Stavolta Niadh si girò, più pallido del solito, e il vento improvvisamente si placò, tornando ad essere quella leggera brezza rinfrescante che ormai anche ad Eileen stava diventando familiare.
«Scusate» biascicò lui, e riprese il cammino: ormai mancava poco. E infatti, dopo solo qualche altro minuto, si fermò in un punto che sembrava non avere niente di particolare.
«Siamo arrivati. Però è strano...»
«La casa è scomparsa nel nulla?» grugnì Eileen con tono seccato.
Niadh la ignorò e tornò pensieroso sui suoi passi, squadrando dall'alto in basso tutto il circondario.
«E va bene» sospirò alla fine. «Andate vicino a quel pino laggiù e non avvicinatevi a me per nessun motivo. Devo... aprire il passaggio, e potremmo farci male.»

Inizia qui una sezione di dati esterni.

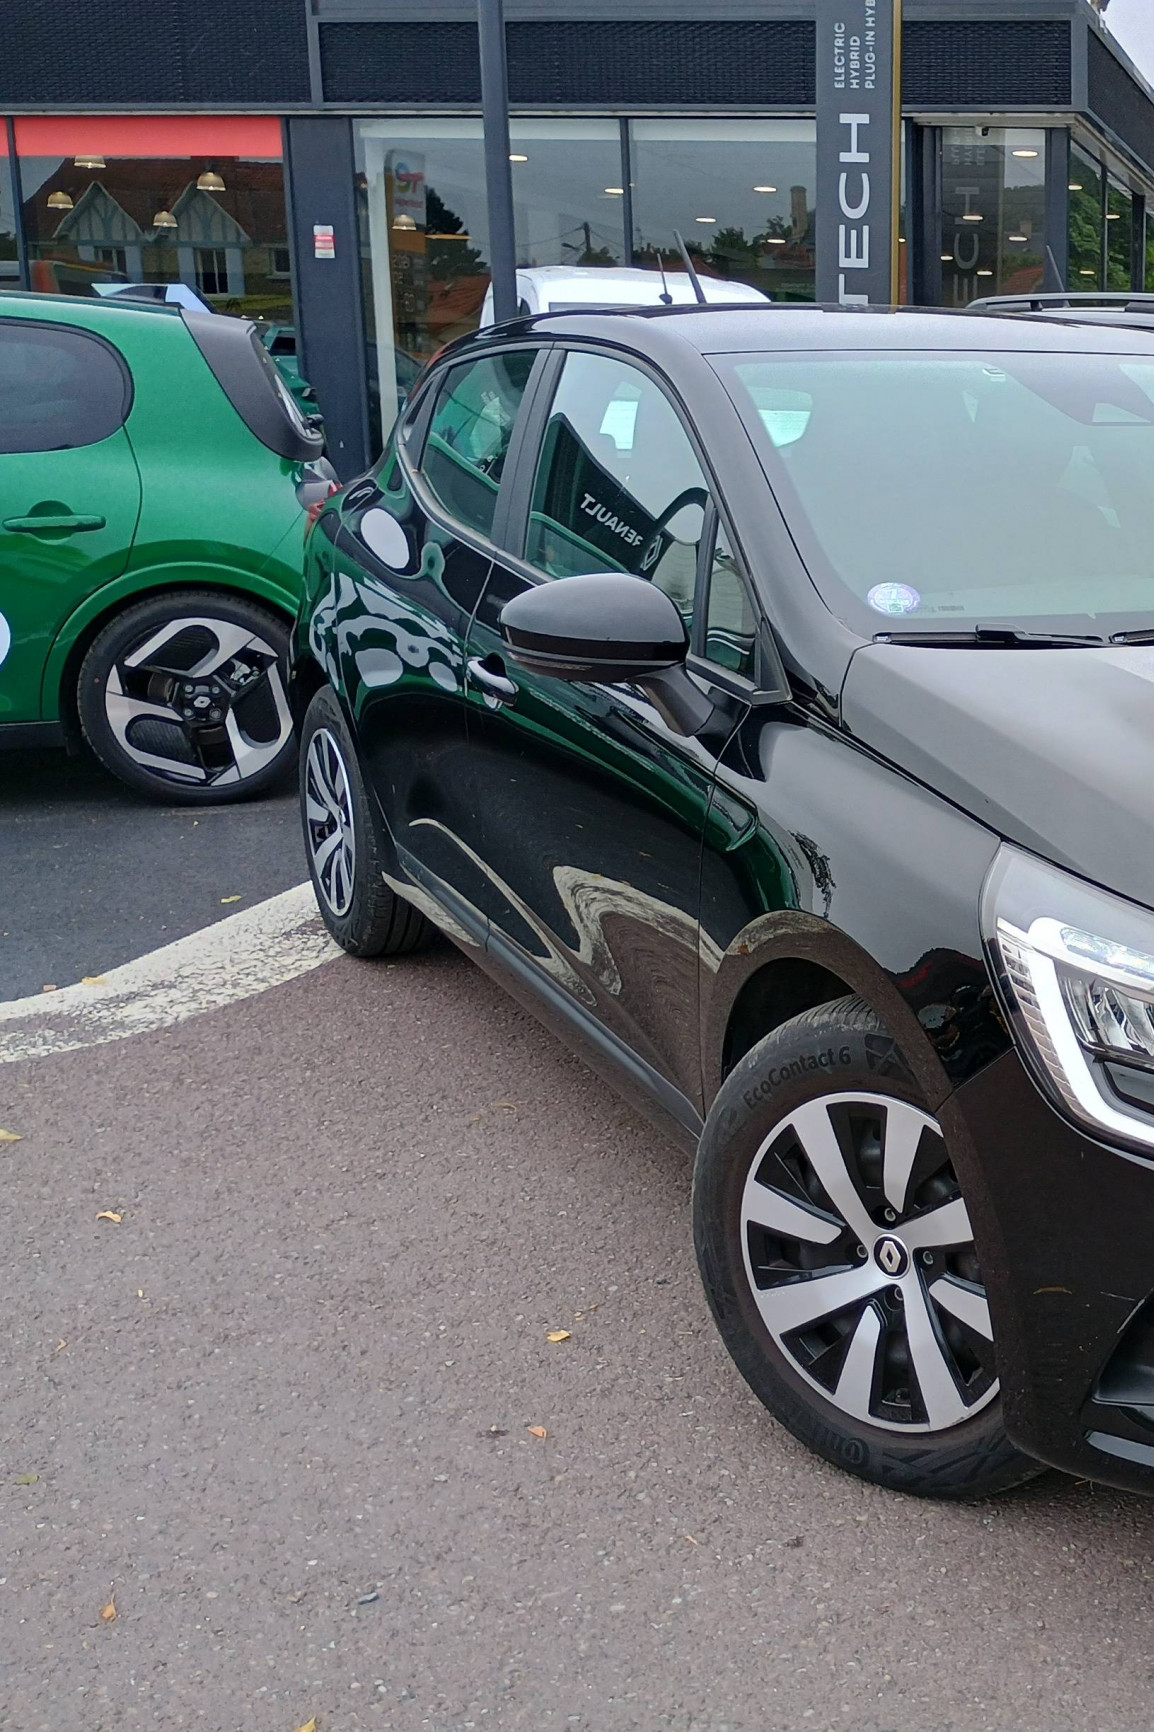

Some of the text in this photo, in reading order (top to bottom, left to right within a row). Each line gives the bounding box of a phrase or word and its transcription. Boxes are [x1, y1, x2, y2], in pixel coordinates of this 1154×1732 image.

[834, 21, 845, 89] ELECTRIC
[850, 35, 861, 89] HYBRID
[864, 30, 876, 89] PLUG-IN
[742, 1046, 851, 1109] EcoContact 6

Verificato che tutti gli avessero obbedito, il giovane elfo si avvicinò al larghissimo scheletro di un albero, che saliva verso il cielo con spogli e grigi rami contorti. Gli altri erano troppo lontani per capire esattamente quello che stava facendo, ma videro chiaramente quasi metà della parte bassa del tronco volatilizzarsi. Era rimasto così poco sostegno gli enormi rami storti sopra che una parte di Niadh si chiese come non gli stesse cadendo tutto quanto addosso.
«Venite!» chiamò in fretta, senza voltarsi, e gli altri lo raggiunsero curiosi.
Melany aveva un'espressione mista tra confusione, stupore e preoccupazione, che si aggravò quando notò che la mano di suo figlio stava tremando come una foglia nella tempesta.
«Vedete, qui sotto c'è il passaggio che porta al rifugio» spiegò, indicando una cavità scura che si era rivelata sul terreno che prima era racchiuso e protetto dal grande tronco cavo dell'albero. Sembrava una bocca scurissima pronta ad inghiottire qualsiasi cosa. Ethan deglutì rumorosamente.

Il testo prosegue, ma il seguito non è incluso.